Vasco Cordeiro quer combater a abstenção pela via da autonomia dos Açores

Vasco Cordeiro quer combater a abstenção pela via da autonomia dos Açores

 

LUSA/AO Online   Regional   24 de Jan de 2016, 14:02

O presidente do Governo dos Açores manifestou hoje a necessidade de encontrar no regime autonómico ferramentas que contribuam para reduzir o elevado nível de abstenção da região, tendo apelado ao voto nas eleições presidenciais.

“A nossa autonomia, desse ponto de vista, tem uma palavra a dizer na construção das condições para que possamos ter uma democracia mais viva, onde a participação na escolha quer de cargos executivos, legislativos ou do Presidente da República seja importante”, disse Vasco Cordeiro. O responsável pelo executivo açoriano, que votou esta manhã na freguesia de São Pedro, em Ponta Delgada, na ilha de São Miguel, referiu, em declarações aos jornalistas, que “nunca é demais” reforçar a necessidade dos cidadãos exercerem o seu direito e dever de votar. “Esta é uma conquista importante, um direito, mas também um dever que tem consequências não só neste dia. São escolhas que nos seguem durante quatro ou cinco anos, como é o caso.
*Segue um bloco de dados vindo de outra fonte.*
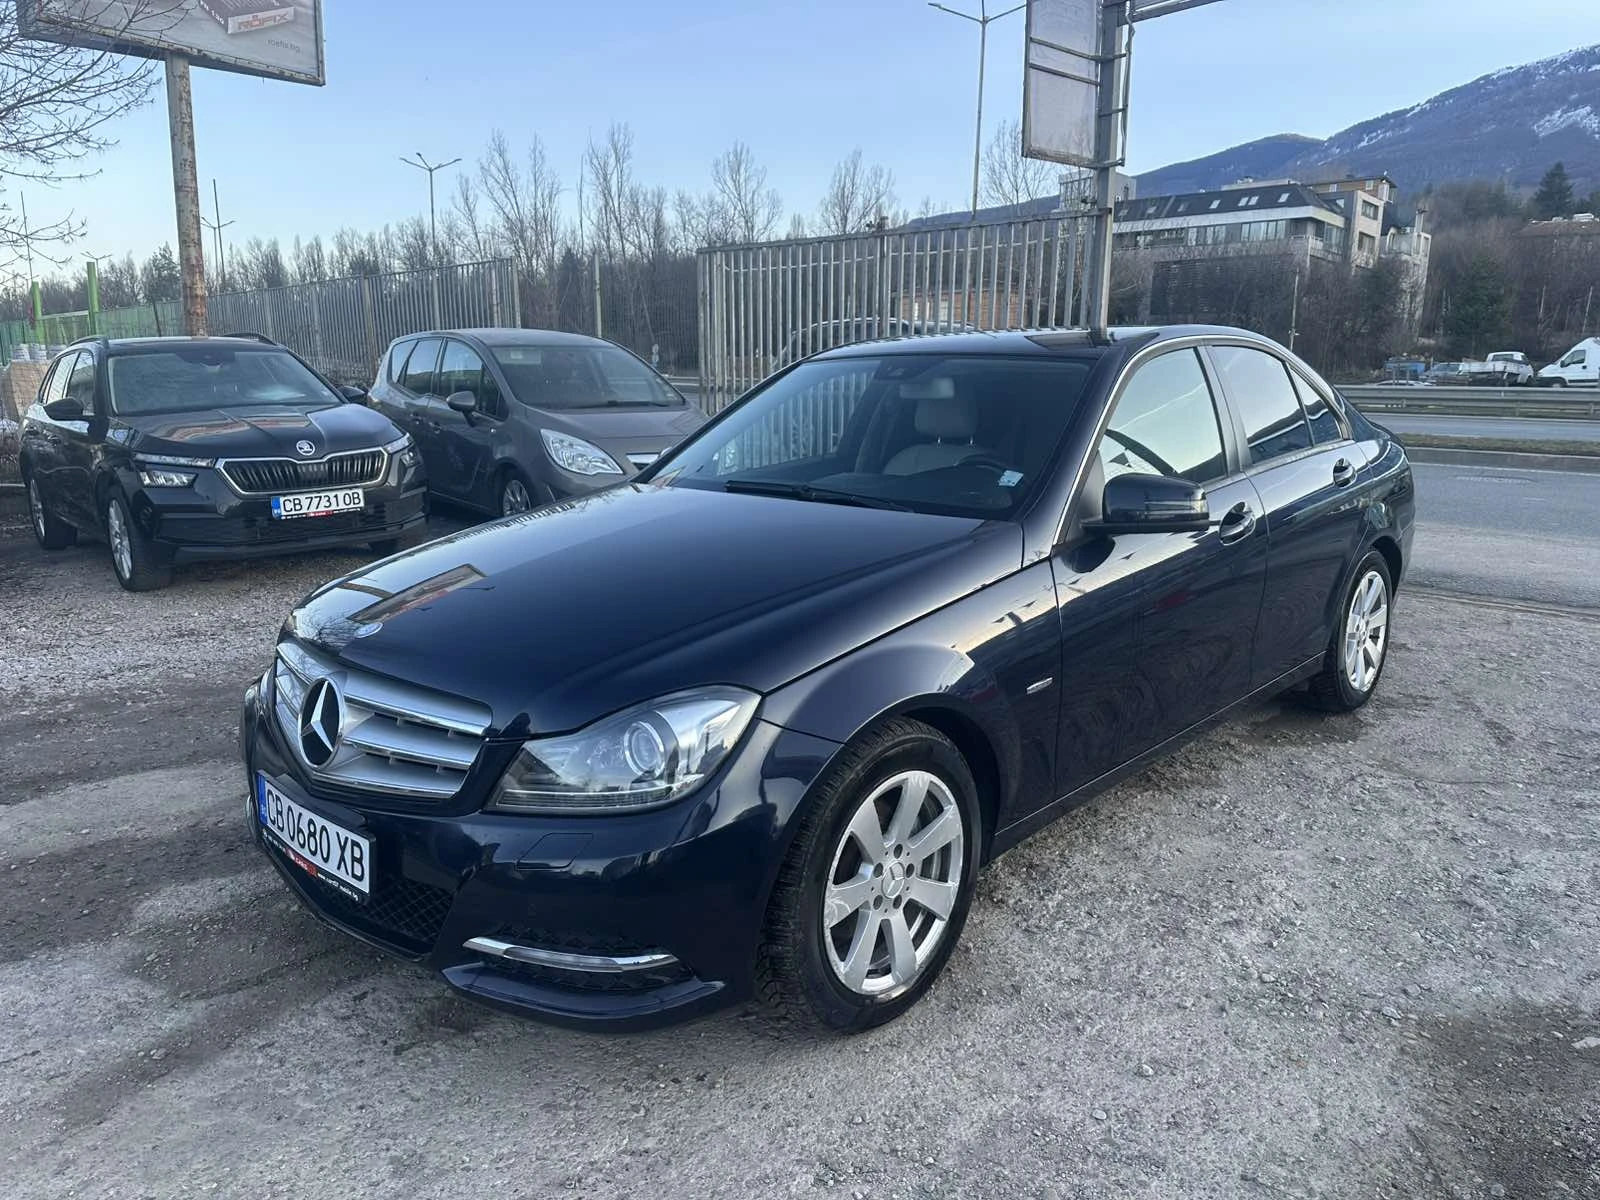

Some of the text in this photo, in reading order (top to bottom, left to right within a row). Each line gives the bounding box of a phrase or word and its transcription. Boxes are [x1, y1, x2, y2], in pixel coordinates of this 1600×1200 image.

Mas é muito importante fazer este apelo, que também deixo aqui, das açorianas e dos açorianos exercerem o seu direito de voto, de escolher o próximo Presidente da República”, declarou Vasco Cordeiro. O governante lembrou que o histórico refere que a abstenção nas eleições presidenciais é “bastante elevada”, mas este não é um problema exclusivo destas, sendo transversal a todos os atos eleitorais, e “tem que ser resolvido” com base nos mecanismos que a autonomia dos Açores tem. O líder do Governo Regional afirma que as causas das elevadas abstenções registadas podem ser de diversa ordem, havendo situações que são comuns a todo o país, onde os níveis atingidos também não são algo que “permita descansar”. Vasco Cordeiro considera que poderá haver especificidades dos Açores nesta matéria resultantes da inscrição de cidadãos que não residem na região, bem como emigrantes açorianos, muito embora este não seja o “cerne da questão”. Questionado sobre a possibilidade de instituir o voto obrigatório, Vasco Cordeiro sustentou que “todas as abordagens são possíveis, sendo algumas das quais muito interessantes quer do ponto de vista da sua conceção ou da análise comparada noutros países onde já existem”. Vasco Cordeiro considera que há um trabalho político a desenvolver no sentido de combater a abstenção nos Açores, lembrando que já existem forças políticas com propostas nesta área, de forma a que se tenha uma autonomia que não só assegure melhores condições de desenvolvimento material, mas seja também um fator de fortalecimento da democracia.